Nolan and I are in a sea of wrapping paper, ribbons and some very questionable homeware gifts when Roark arrives home. He has bags under his eyes, and his hair is messed up, his tux is half unbuttoned. He is still devilishly handsome, and just looking at him I am turned on. Which given how the past twenty-four hours has gone, is the last thing I should feel now.

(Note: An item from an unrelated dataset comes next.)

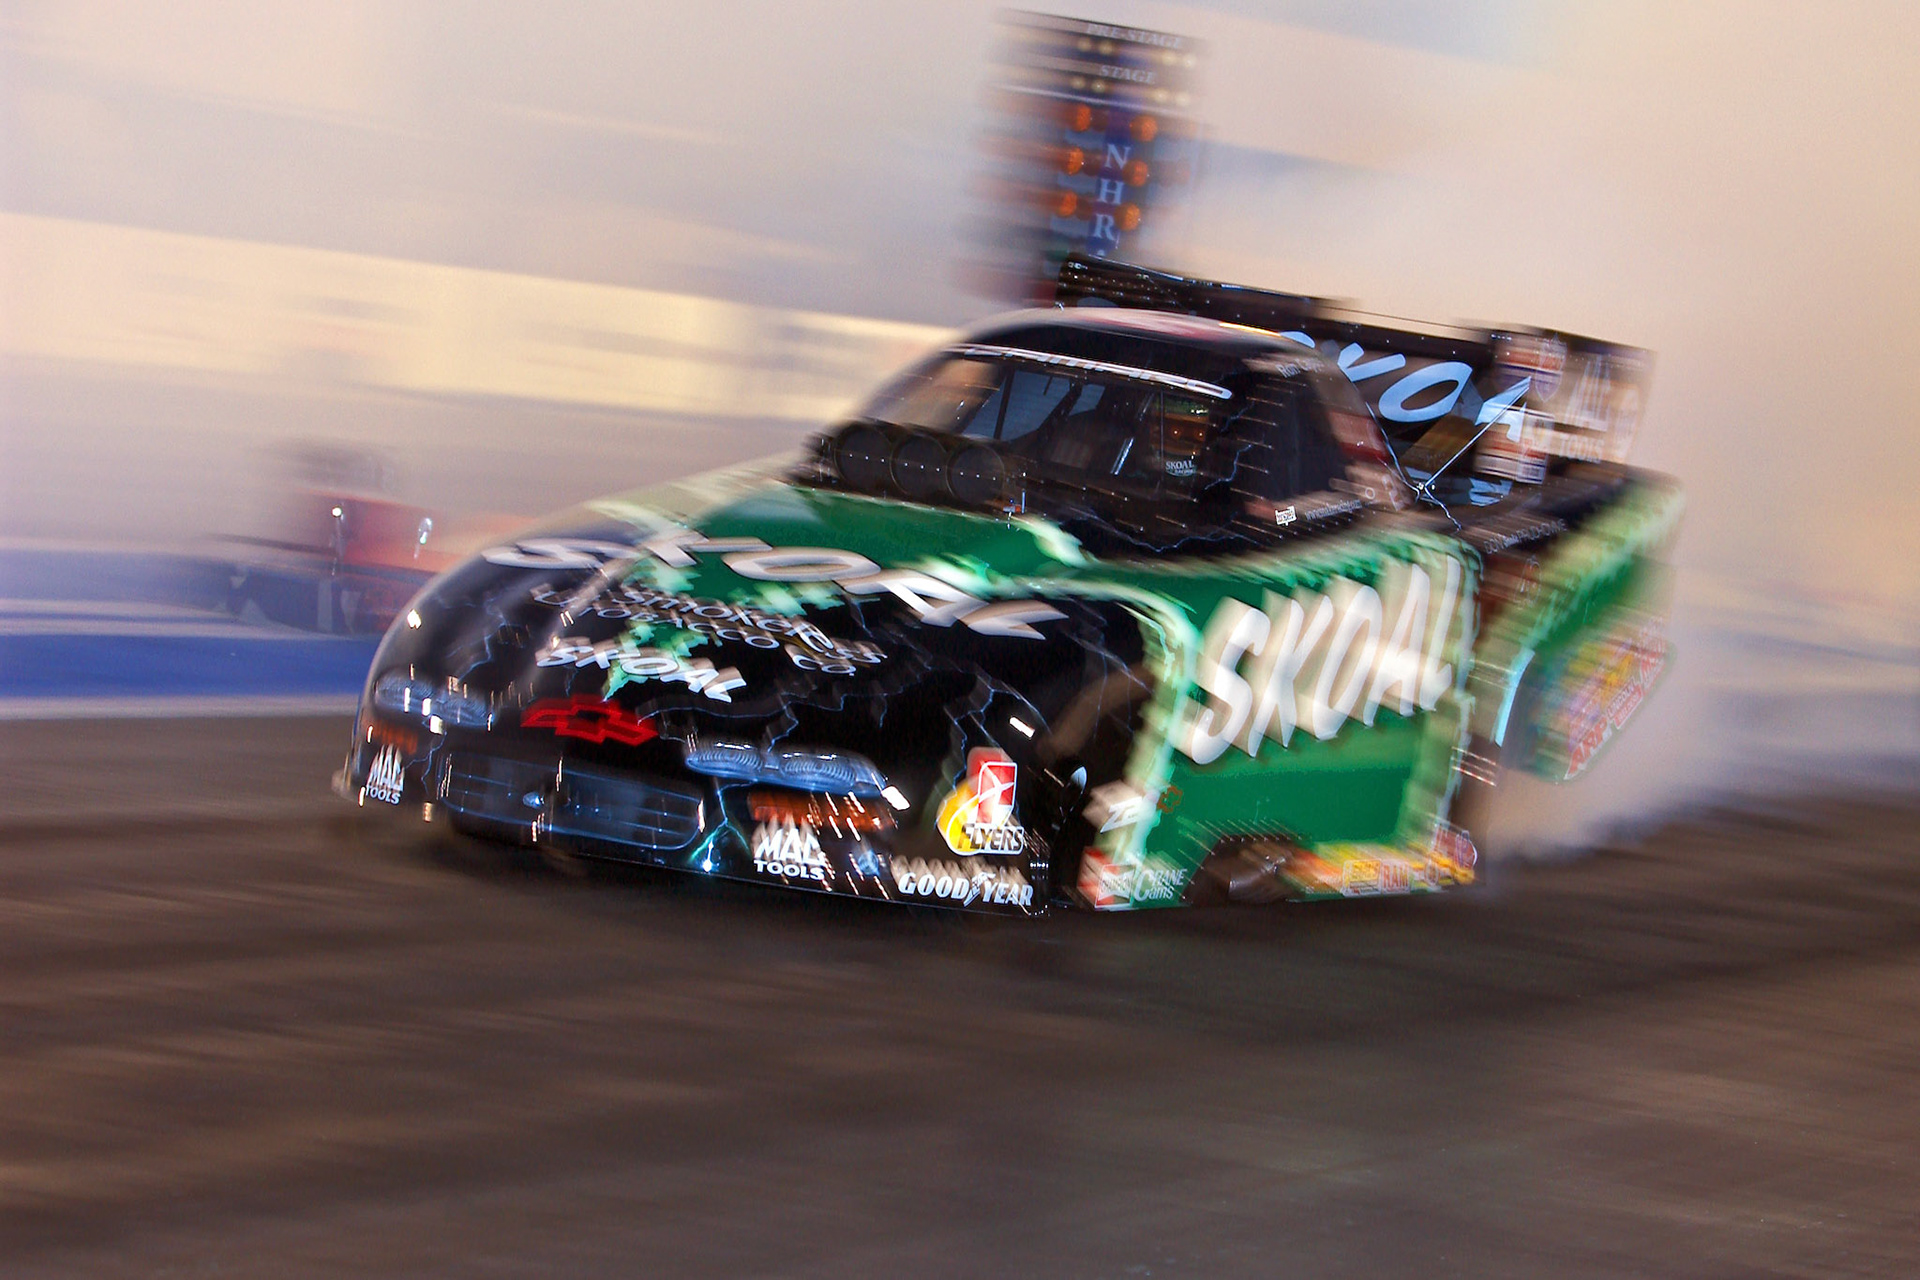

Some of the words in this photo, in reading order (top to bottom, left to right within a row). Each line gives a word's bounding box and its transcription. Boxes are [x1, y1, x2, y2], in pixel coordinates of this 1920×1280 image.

“Roark!” Nolan tosses paper around to get to Roark, he jumps into his arms and says, “can I please go swim, I am bored of opening forks and dishes.” Roark looks at me with a smile, and then says to Nolan,

“You know, that is an excellent idea, I will drop you off to swim and then I need to come back and have an important meeting with Lou. Do you want to go grab a swim bag quick.” He slides out of his Dad’s arms, and bounds away to get his things.

“I am going to drop him off then I think we need to talk, Lou.” He shoves his hands in his pockets. “Really talk.”

“Okay,” I agree with him, “is Vito okay?” I have been on tenterhooks needing to know all day. “I did my best, I tried to stop the blood, but it was so much.”

“You did good Lou, he will be okay,” Roark says, “let me take Nolan to my Dad’s, then we can talk about last night and what happened.” There is this cold feeling between us, like something has changed and the electricity we had has been extinguished. He’s distant, and I hate it. But I have no one to blame but myself.